Software and IT related

  • See above for software and IT related M&A work.
  • Advised large private company in relation to moving from in-house IT solution to Telstra hosted Cloud environment (production, disaster recovery, backup).
  • Advised large industrial company in relation to Oracle software licensing audit and licensing compliance, including compliance with licensing terms and challenging licence fees demanded for virtual machines and multiple software instances.
  • Advised company entering USA market - prepared manufacturing, distribution, branding and licensing agreements.
  • Advised ASX-listed property company in relation Microsoft Dynamics enterprise agreements.
  • Prepared suite of software licencing, maintenance and support agreements for spatial software developer (Australia and USA).

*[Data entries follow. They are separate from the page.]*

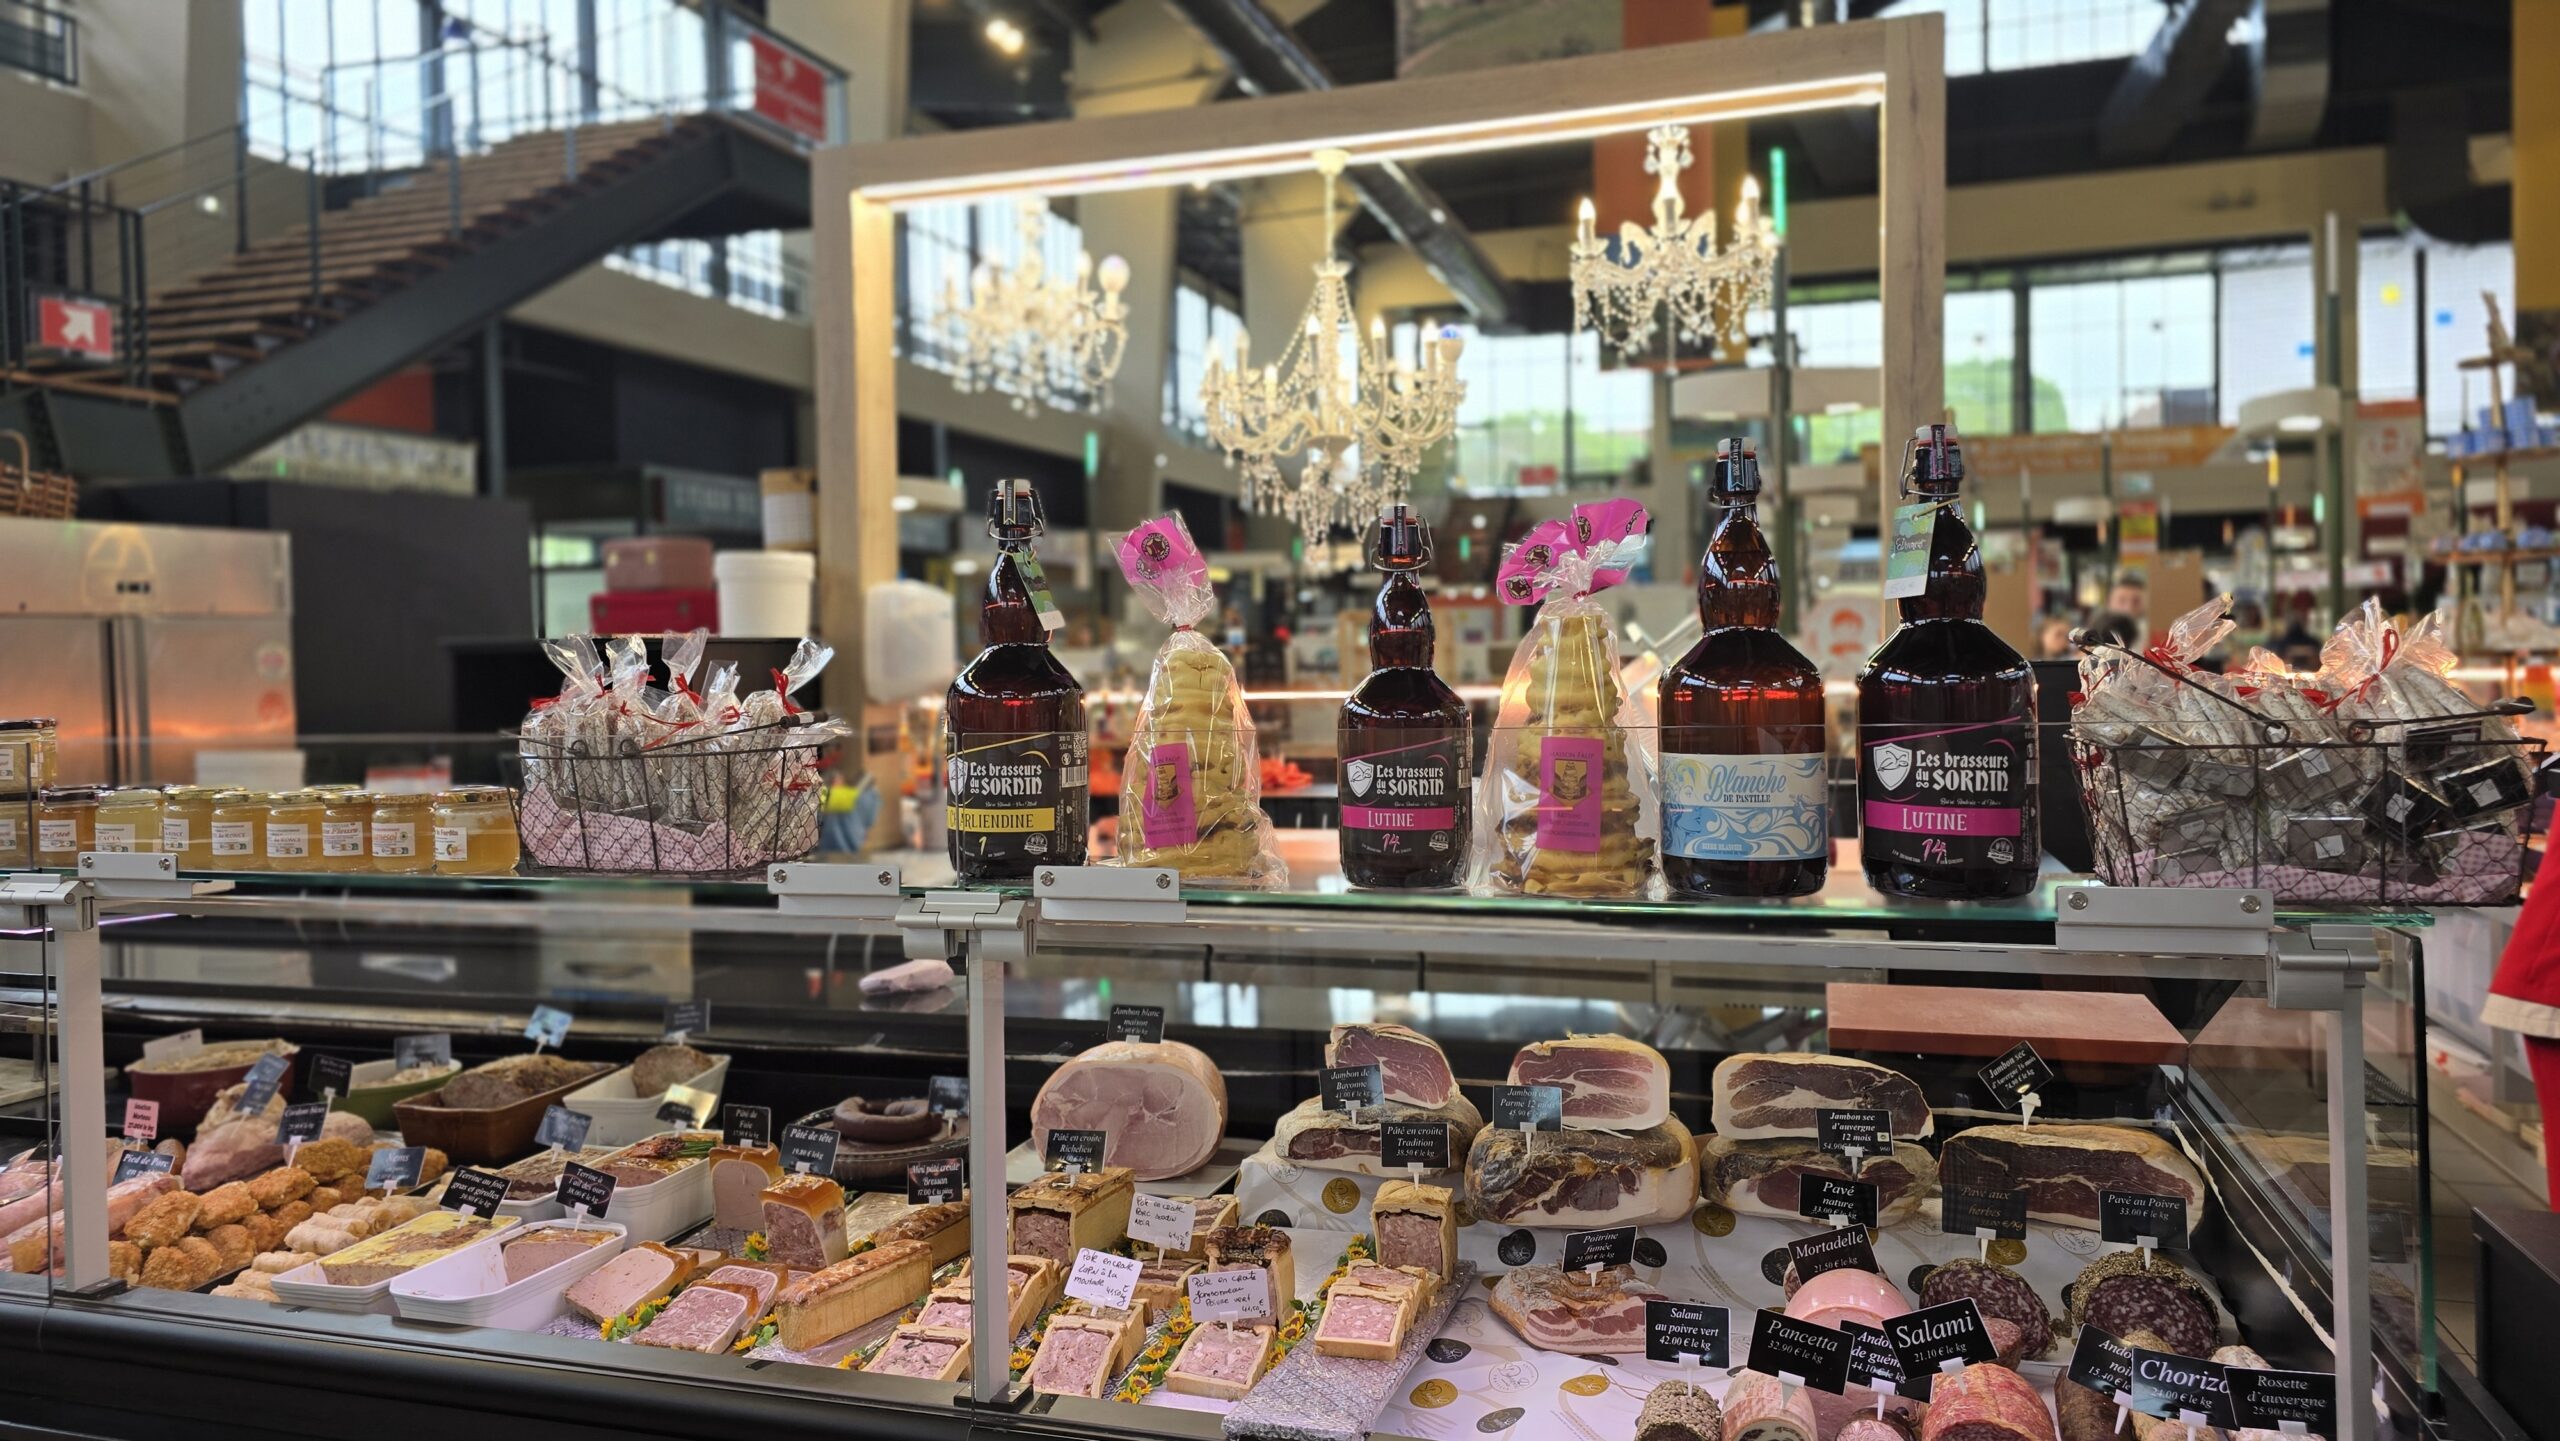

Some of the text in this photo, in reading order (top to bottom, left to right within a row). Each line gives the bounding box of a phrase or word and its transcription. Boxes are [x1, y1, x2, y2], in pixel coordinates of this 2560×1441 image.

[1916, 750, 2009, 768] Les brasseurs
[970, 762, 1042, 777] Les brasseurs
[1376, 764, 1444, 778] Les brasseurs
[981, 777, 1042, 796] SORNIN
[1703, 764, 1787, 802] Blanche
[1915, 768, 2009, 793] du SORNIN
[1388, 778, 1444, 797] SORNIN
[1723, 794, 1771, 803] DE PASTILLE
[1331, 1068, 1370, 1080] Jambon de
[1337, 1082, 1368, 1091] Bayonne
[1507, 1087, 1538, 1098] Jambon
[1500, 1098, 1537, 1108] Parme 12
[1829, 1112, 1861, 1121] Jambon
[1387, 1126, 1405, 1135] Pâté
[1417, 1127, 1444, 1136] croûte
[1832, 1123, 1876, 1132] d'auvergne
[808, 1131, 818, 1141] de
[1070, 1134, 1079, 1142] en
[1397, 1138, 1434, 1147] Tradition
[1842, 1133, 1872, 1142] 12 mois
[1060, 1144, 1093, 1153] Richelieu
[458, 1170, 481, 1183] Terrine
[576, 1169, 598, 1181] Terrine
[474, 1188, 500, 1200] girolles
[1822, 1182, 1855, 1197] Pavé
[1988, 1190, 2011, 1200] aux
[1822, 1197, 1854, 1209] nature
[2108, 1194, 2180, 1210] Pavé au Poivre
[1968, 1204, 2001, 1217] herbes
[2120, 1206, 2170, 1221] 33.00 kg
[1583, 1232, 1619, 1243] Poitrine
[1584, 1242, 1612, 1255] fumée
[1796, 1231, 1863, 1259] Mortadelle
[1814, 1262, 1834, 1273] 21.50
[1848, 1256, 1858, 1264] kg
[1670, 1307, 1703, 1320] Salami
[1655, 1323, 1719, 1337] au poivre vert
[1767, 1319, 1838, 1352] Pancetta
[1896, 1310, 1975, 1348] Salami
[1659, 1335, 1711, 1351] 42.00 € le kg
[1767, 1340, 1824, 1364] 32.90 € le kg
[1851, 1345, 1866, 1358] de
[1914, 1343, 1967, 1362] 21.10 € le kg
[1895, 1374, 1906, 1384] kg
[2140, 1359, 2229, 1394] Chorizo
[2258, 1375, 2308, 1390] Rosette
[2114, 1377, 2122, 1386] €
[2122, 1380, 2131, 1391] le
[2151, 1387, 2213, 1408] 24.00 € le kg
[2246, 1391, 2327, 1409] d'auvergne
[2253, 1406, 2319, 1421] 25.90 € le kg

  • Prepared numerous software license agreements, distribution agreements, reseller agreements, EUSLAs, support and maintenance and service level agreements (including SaaS and Cloud Agreements), consulting contracts, etc for numerous Australian software companies.
  • Reviewed and advised numerous clients in relation to IT procurement contracts.
  • Prepared numerous website and app T&C's
  • Advised many software, medical and mobile app start-ups in relation to business structuring, shareholder agreements, terms and conditions, fundraising documents, commercialisation agreements, manufacturing, distribution, branding and licensing agreements.